Reproduce the listing verbatim.

* * * *

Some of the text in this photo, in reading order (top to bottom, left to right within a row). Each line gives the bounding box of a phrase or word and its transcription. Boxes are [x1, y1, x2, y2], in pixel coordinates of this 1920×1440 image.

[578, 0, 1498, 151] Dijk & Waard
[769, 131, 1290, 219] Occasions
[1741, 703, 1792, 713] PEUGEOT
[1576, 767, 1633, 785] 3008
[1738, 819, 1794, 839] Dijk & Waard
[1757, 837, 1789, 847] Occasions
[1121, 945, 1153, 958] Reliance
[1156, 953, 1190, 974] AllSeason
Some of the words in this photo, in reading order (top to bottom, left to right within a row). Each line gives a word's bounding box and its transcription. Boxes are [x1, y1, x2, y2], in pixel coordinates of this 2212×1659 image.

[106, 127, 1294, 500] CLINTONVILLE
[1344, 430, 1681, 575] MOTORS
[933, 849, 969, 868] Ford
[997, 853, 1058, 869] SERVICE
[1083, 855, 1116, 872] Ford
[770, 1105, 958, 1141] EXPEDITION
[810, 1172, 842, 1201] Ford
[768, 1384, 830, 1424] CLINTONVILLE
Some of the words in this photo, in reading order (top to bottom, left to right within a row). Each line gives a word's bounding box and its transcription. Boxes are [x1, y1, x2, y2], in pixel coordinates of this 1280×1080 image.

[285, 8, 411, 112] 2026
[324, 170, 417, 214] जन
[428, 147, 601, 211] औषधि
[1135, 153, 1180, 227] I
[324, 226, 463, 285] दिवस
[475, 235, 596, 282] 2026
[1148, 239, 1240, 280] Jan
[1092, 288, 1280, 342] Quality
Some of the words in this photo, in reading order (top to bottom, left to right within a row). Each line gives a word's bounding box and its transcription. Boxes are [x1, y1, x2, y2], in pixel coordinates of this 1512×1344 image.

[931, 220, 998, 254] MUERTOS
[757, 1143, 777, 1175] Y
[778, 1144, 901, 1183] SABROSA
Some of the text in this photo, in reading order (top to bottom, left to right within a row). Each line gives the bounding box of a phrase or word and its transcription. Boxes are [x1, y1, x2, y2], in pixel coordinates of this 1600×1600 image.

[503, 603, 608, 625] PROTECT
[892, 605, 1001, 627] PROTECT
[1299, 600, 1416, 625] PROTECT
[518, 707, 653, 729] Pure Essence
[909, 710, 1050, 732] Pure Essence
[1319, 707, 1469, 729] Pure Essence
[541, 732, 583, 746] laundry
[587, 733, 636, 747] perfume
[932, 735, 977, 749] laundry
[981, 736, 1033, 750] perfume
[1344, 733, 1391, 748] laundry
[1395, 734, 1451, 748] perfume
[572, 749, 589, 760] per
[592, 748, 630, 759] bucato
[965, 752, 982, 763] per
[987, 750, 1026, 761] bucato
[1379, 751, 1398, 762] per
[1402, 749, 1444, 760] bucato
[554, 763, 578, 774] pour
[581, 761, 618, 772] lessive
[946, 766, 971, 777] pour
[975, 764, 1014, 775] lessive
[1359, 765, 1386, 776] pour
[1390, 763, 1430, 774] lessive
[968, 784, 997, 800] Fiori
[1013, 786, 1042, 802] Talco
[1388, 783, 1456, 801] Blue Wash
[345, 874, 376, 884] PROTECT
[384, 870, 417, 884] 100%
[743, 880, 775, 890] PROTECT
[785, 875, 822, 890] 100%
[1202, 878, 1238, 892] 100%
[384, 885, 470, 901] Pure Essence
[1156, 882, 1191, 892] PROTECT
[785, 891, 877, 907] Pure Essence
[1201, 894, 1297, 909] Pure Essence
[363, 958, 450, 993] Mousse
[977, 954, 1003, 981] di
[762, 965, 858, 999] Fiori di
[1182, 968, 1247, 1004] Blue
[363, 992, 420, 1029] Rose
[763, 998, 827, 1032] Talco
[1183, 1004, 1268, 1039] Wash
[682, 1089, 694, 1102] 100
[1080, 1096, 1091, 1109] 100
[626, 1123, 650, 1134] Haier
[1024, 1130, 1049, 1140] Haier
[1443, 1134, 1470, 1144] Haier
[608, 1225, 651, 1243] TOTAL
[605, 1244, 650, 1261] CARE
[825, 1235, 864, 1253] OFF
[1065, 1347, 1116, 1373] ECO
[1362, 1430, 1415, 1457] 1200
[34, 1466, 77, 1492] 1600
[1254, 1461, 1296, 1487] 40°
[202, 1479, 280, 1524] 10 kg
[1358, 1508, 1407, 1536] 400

* * * *

■ **Written reply**:
Some of the text in this photo, in reading order (top to bottom, left to right within a row). Each line gives the bounding box of a phrase or word and its transcription. Boxes are [x1, y1, x2, y2], in pixel coordinates of this 1920×1440 image.

[578, 0, 1498, 151] Dijk & Waard
[769, 131, 1290, 219] Occasions
[1741, 703, 1792, 713] PEUGEOT
[1576, 767, 1633, 785] 3008
[1738, 819, 1794, 839] Dijk & Waard
[1757, 837, 1789, 847] Occasions
[1121, 945, 1153, 958] Reliance
[1156, 953, 1190, 974] AllSeason
Some of the words in this photo, in reading order (top to bottom, left to right within a row). Each line gives a word's bounding box and its transcription. Boxes are [x1, y1, x2, y2], in pixel coordinates of this 2212×1659 image.

[106, 127, 1294, 500] CLINTONVILLE
[1344, 430, 1681, 575] MOTORS
[933, 849, 969, 868] Ford
[997, 853, 1058, 869] SERVICE
[1083, 855, 1116, 872] Ford
[770, 1105, 958, 1141] EXPEDITION
[810, 1172, 842, 1201] Ford
[768, 1384, 830, 1424] CLINTONVILLE
Some of the words in this photo, in reading order (top to bottom, left to right within a row). Each line gives a word's bounding box and its transcription. Boxes are [x1, y1, x2, y2], in pixel coordinates of this 1280×1080 image.

[285, 8, 411, 112] 2026
[324, 170, 417, 214] जन
[428, 147, 601, 211] औषधि
[1135, 153, 1180, 227] I
[324, 226, 463, 285] दिवस
[475, 235, 596, 282] 2026
[1148, 239, 1240, 280] Jan
[1092, 288, 1280, 342] Quality
Some of the words in this photo, in reading order (top to bottom, left to right within a row). Each line gives a word's bounding box and its transcription. Boxes are [x1, y1, x2, y2], in pixel coordinates of this 1512×1344 image.

[931, 220, 998, 254] MUERTOS
[757, 1143, 777, 1175] Y
[778, 1144, 901, 1183] SABROSA
Some of the text in this photo, in reading order (top to bottom, left to right within a row). Each line gives the bounding box of a phrase or word and its transcription. Boxes are [x1, y1, x2, y2], in pixel coordinates of this 1600×1600 image.

[503, 603, 608, 625] PROTECT
[892, 605, 1001, 627] PROTECT
[1299, 600, 1416, 625] PROTECT
[518, 707, 653, 729] Pure Essence
[909, 710, 1050, 732] Pure Essence
[1319, 707, 1469, 729] Pure Essence
[541, 732, 583, 746] laundry
[587, 733, 636, 747] perfume
[932, 735, 977, 749] laundry
[981, 736, 1033, 750] perfume
[1344, 733, 1391, 748] laundry
[1395, 734, 1451, 748] perfume
[572, 749, 589, 760] per
[592, 748, 630, 759] bucato
[965, 752, 982, 763] per
[987, 750, 1026, 761] bucato
[1379, 751, 1398, 762] per
[1402, 749, 1444, 760] bucato
[554, 763, 578, 774] pour
[581, 761, 618, 772] lessive
[946, 766, 971, 777] pour
[975, 764, 1014, 775] lessive
[1359, 765, 1386, 776] pour
[1390, 763, 1430, 774] lessive
[968, 784, 997, 800] Fiori
[1013, 786, 1042, 802] Talco
[1388, 783, 1456, 801] Blue Wash
[345, 874, 376, 884] PROTECT
[384, 870, 417, 884] 100%
[743, 880, 775, 890] PROTECT
[785, 875, 822, 890] 100%
[1202, 878, 1238, 892] 100%
[384, 885, 470, 901] Pure Essence
[1156, 882, 1191, 892] PROTECT
[785, 891, 877, 907] Pure Essence
[1201, 894, 1297, 909] Pure Essence
[363, 958, 450, 993] Mousse
[977, 954, 1003, 981] di
[762, 965, 858, 999] Fiori di
[1182, 968, 1247, 1004] Blue
[363, 992, 420, 1029] Rose
[763, 998, 827, 1032] Talco
[1183, 1004, 1268, 1039] Wash
[682, 1089, 694, 1102] 100
[1080, 1096, 1091, 1109] 100
[626, 1123, 650, 1134] Haier
[1024, 1130, 1049, 1140] Haier
[1443, 1134, 1470, 1144] Haier
[608, 1225, 651, 1243] TOTAL
[605, 1244, 650, 1261] CARE
[825, 1235, 864, 1253] OFF
[1065, 1347, 1116, 1373] ECO
[1362, 1430, 1415, 1457] 1200
[34, 1466, 77, 1492] 1600
[1254, 1461, 1296, 1487] 40°
[202, 1479, 280, 1524] 10 kg
[1358, 1508, 1407, 1536] 400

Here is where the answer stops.